I use spring security in my project.

I have feature to change login. To achieve this aim I use following code

Authentication authentication = ... SecurityContextHolder.getContext().setAuthentication(authentication); 

But now I am resesarching this code in details and see that authentication field is not volatile thus visibility is not guaranteed:

 public class SecurityContextImpl implements SecurityContext {      private static final long serialVersionUID = SpringSecurityCoreVersion.SERIAL_VERSION_UID;      // ~ Instance fields     // ================================================================================================      private Authentication authentication; 

Should I wrap my code with my own synchronization to achieve visibility?

P.S.

I have read https://stackoverflow.com/a/30781541/2674303

In an application which receives concurrent requests in a single session, the same SecurityContext instance will be shared between threads. Even though a ThreadLocal is being used, it is the same instance that is retrieved from the HttpSession for each thread. This has implications if you wish to temporarily change the context under which a thread is running. If you just use SecurityContextHolder.getContext(), and call setAuthentication(anAuthentication) on the returned context object, then the Authentication object will change in all concurrent threads which share the same SecurityContext instance. You can customize the behaviour of SecurityContextPersistenceFilter to create a completely new SecurityContext for each request, preventing changes in one thread from affecting another. Alternatively you can create a new instance just at the point where you temporarily change the context. The method SecurityContextHolder.createEmptyContext() always returns a new context instance.

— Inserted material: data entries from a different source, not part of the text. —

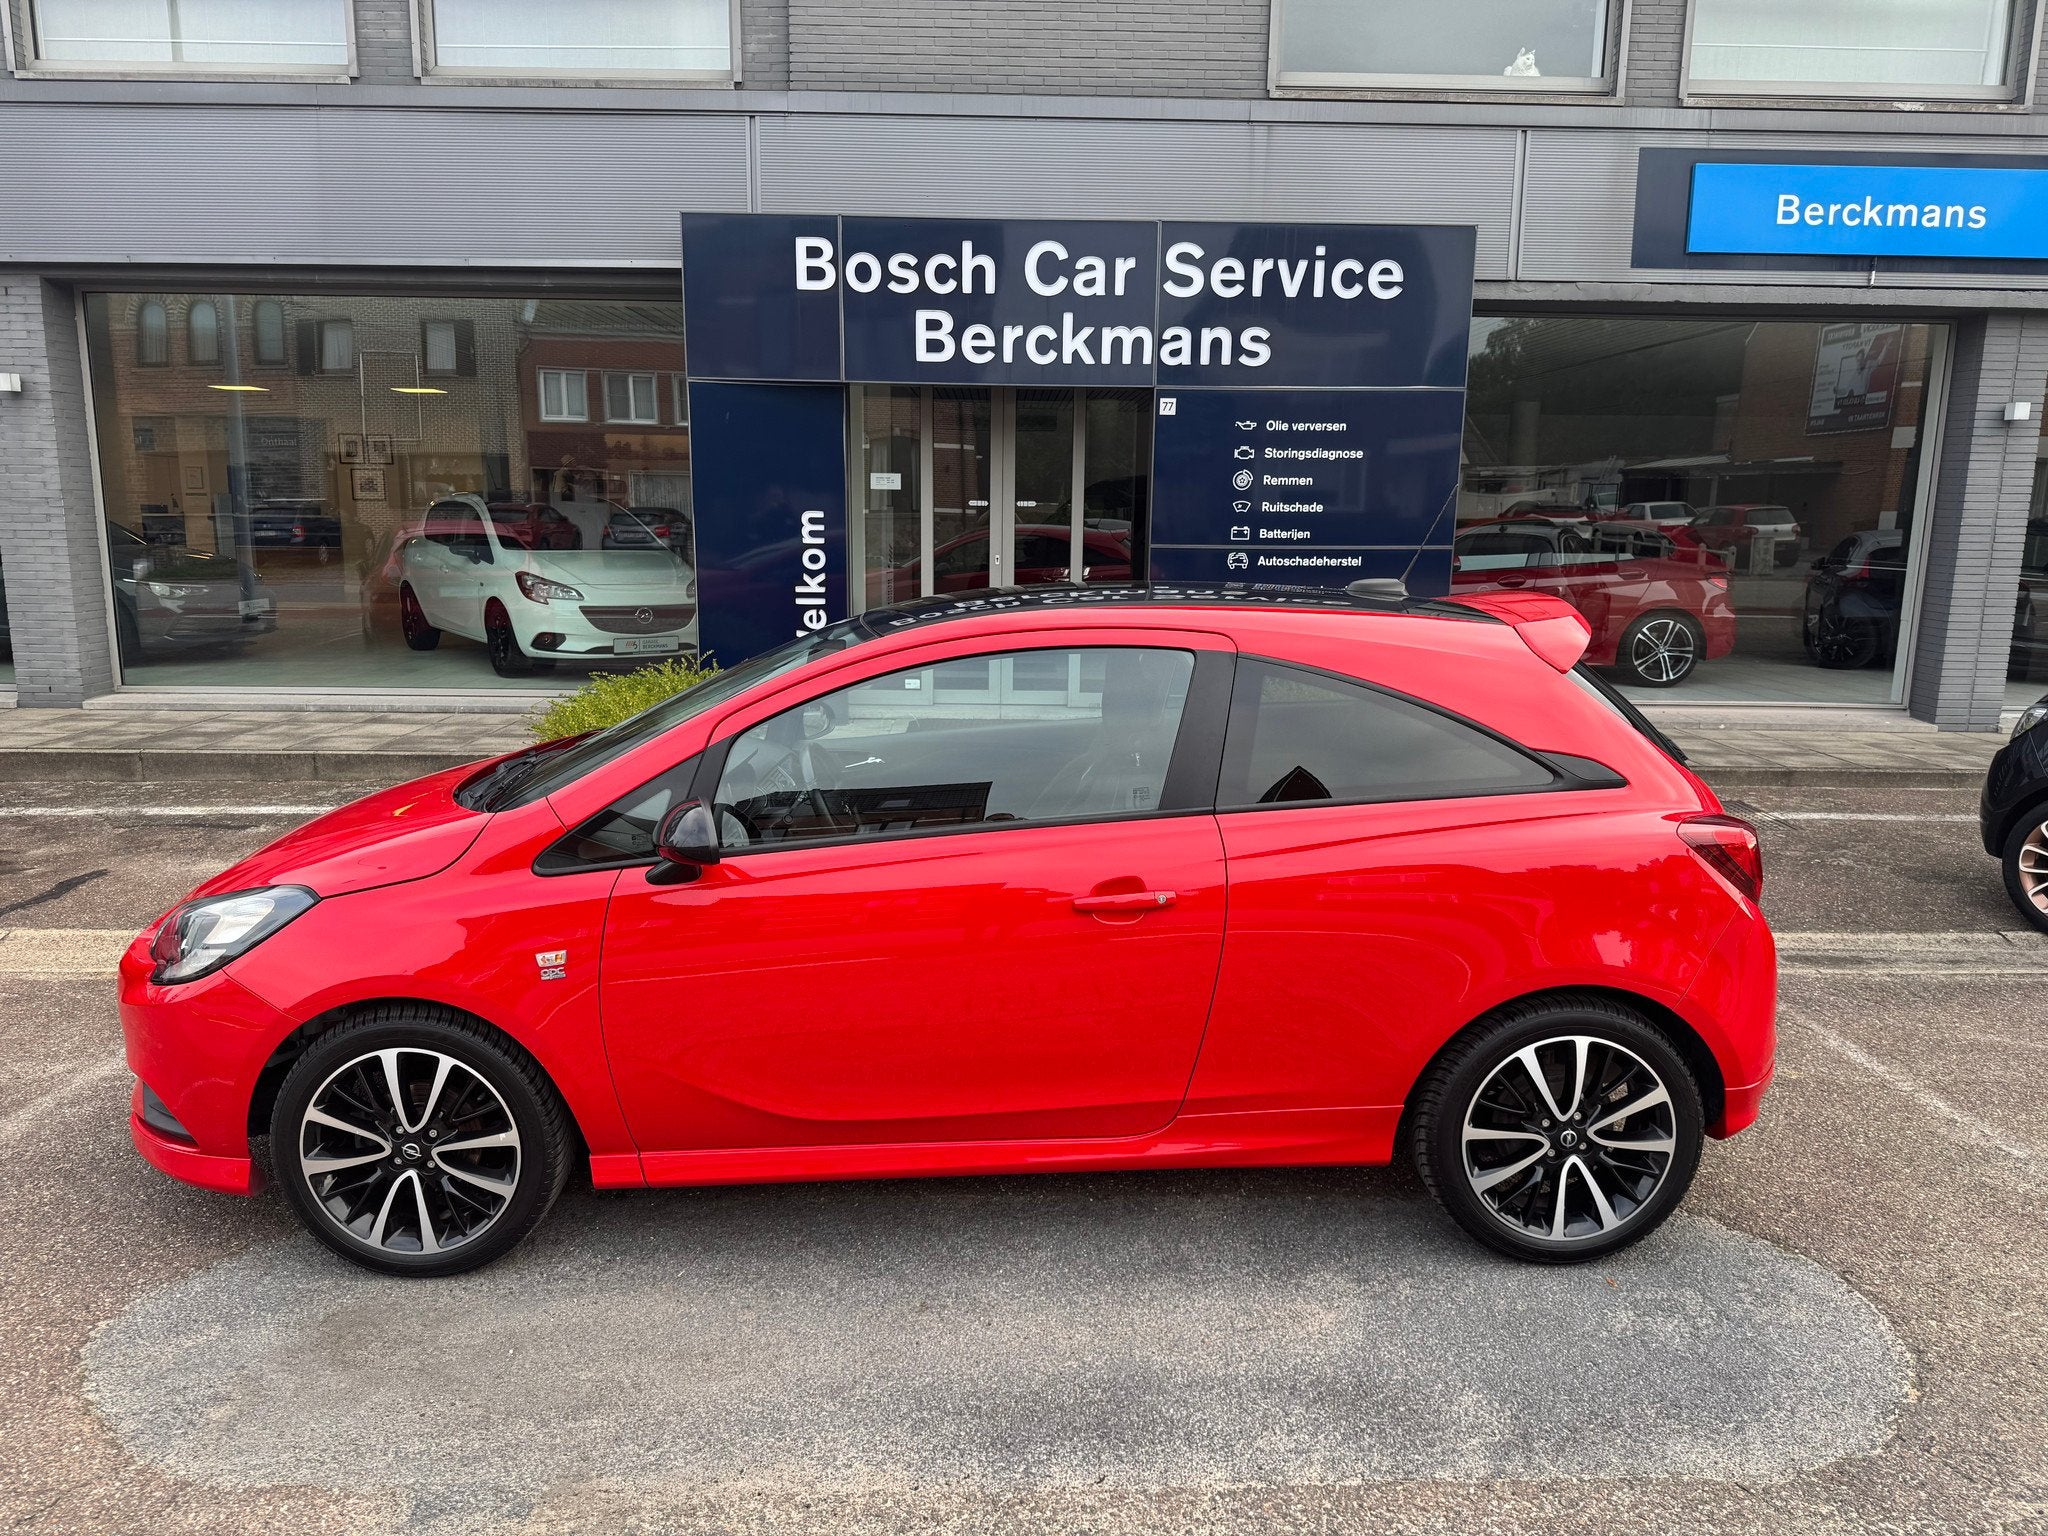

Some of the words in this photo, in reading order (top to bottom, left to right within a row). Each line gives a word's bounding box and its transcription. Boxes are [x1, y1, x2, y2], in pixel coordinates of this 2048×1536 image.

[1775, 193, 1988, 229] Berckmans
[794, 235, 997, 296] Bosch
[1023, 239, 1137, 298] Car
[1161, 240, 1405, 301] Service
[914, 308, 1272, 368] Berckmans
[1162, 401, 1174, 412] 77
[1265, 419, 1289, 432] Olie
[1291, 422, 1347, 432] verversen
[260, 438, 298, 447] Onthaal
[1264, 447, 1364, 461] Storingsdiagnose
[1263, 474, 1313, 486] Remmen
[1261, 501, 1324, 513] Ruitschade
[1259, 528, 1311, 541] Batterijen
[1257, 555, 1362, 567] Autoschadeherstel
[540, 966, 566, 977] OPC

but I don't understand how spring does guaranties visibility. There are just written that each thread within session will see changes. but there is no answer how fast? and more important - visibility mechanism is not explained

Answer 1

Your doubts are justified, visibility is not guaranteed. ThreadLocal isn't thread-safe, when all ThreadLocalMap's entries store the same object.

Referenced documentation part, Storing the SecurityContext between requests, warns you about that fact and proposes possible solutions to change the context in a way, that prevents affect on other threads.

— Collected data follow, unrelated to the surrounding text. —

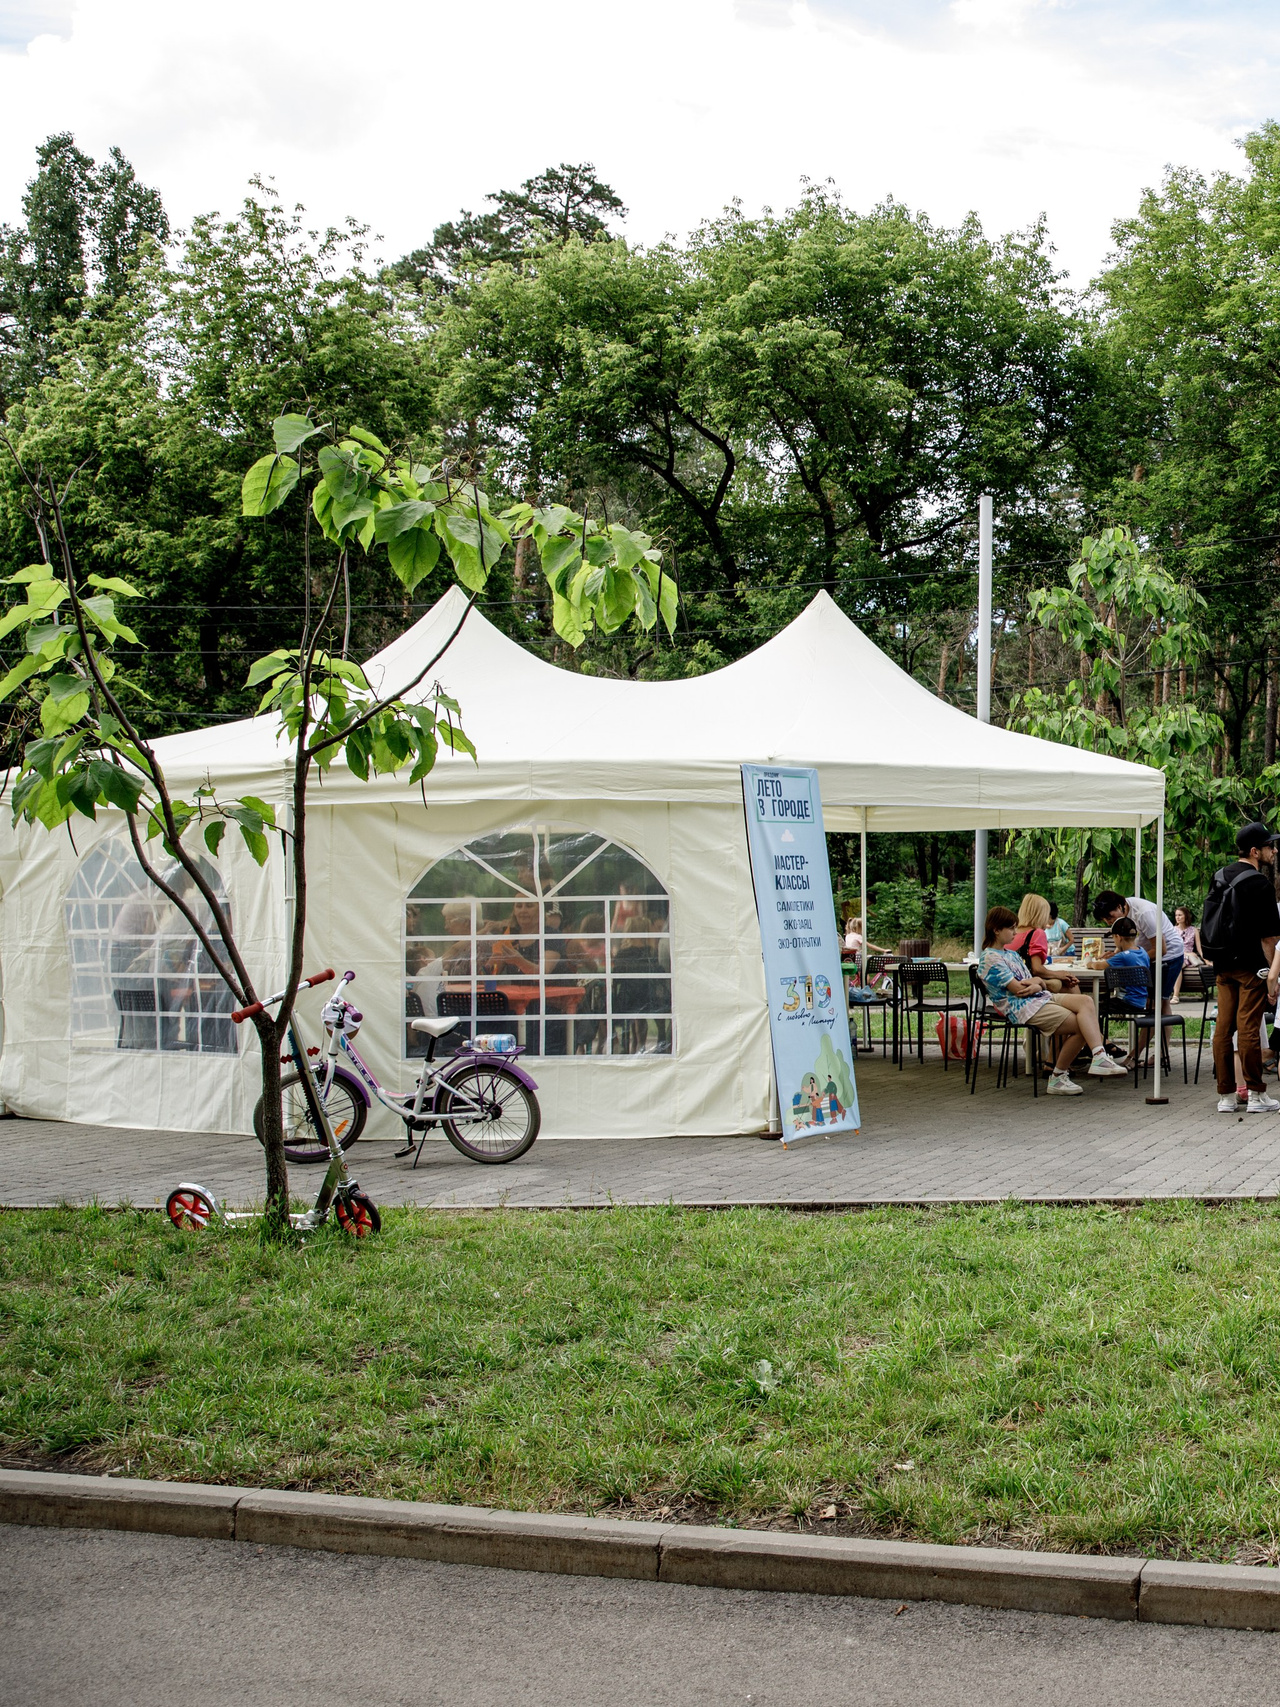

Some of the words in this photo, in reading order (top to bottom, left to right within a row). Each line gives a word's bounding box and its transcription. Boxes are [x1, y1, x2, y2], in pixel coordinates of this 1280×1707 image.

[757, 779, 783, 797] ЛЕТО
[758, 799, 766, 816] В
[772, 799, 811, 820] ГОРОДЕ
[775, 874, 810, 890] КЛАССЫ
[780, 974, 831, 1011] 319

An example of such solution is the RunAs mechanism, which changes the context during the secure object callback phase.

But, as I understand your question, you need to change the user's login (i.e. username) "on the fly". If I'm right, then the problem is, when you'd set a modified Authentication - another thread could read the old value. To avoid this race condition you need to make a login write happens-before every sequential login read.

Authentication interface has the getPrincipal() method, which returns an Object, which is an UserDetails instance (in most cases). This object is usually used to obtain a username for the current (authenticated) user.

So, if you want to change the login for authenticated user "on the fly", you can modify the username property in this UserDetails object.

Possible way to make it in a thread-safe manner is a custom UserDetails implementation with the volatile String username property (default User implementation has an immutable username).

You should also create and wire into your configuration an UserDetailsService implementation, which will use your custom UserDetails.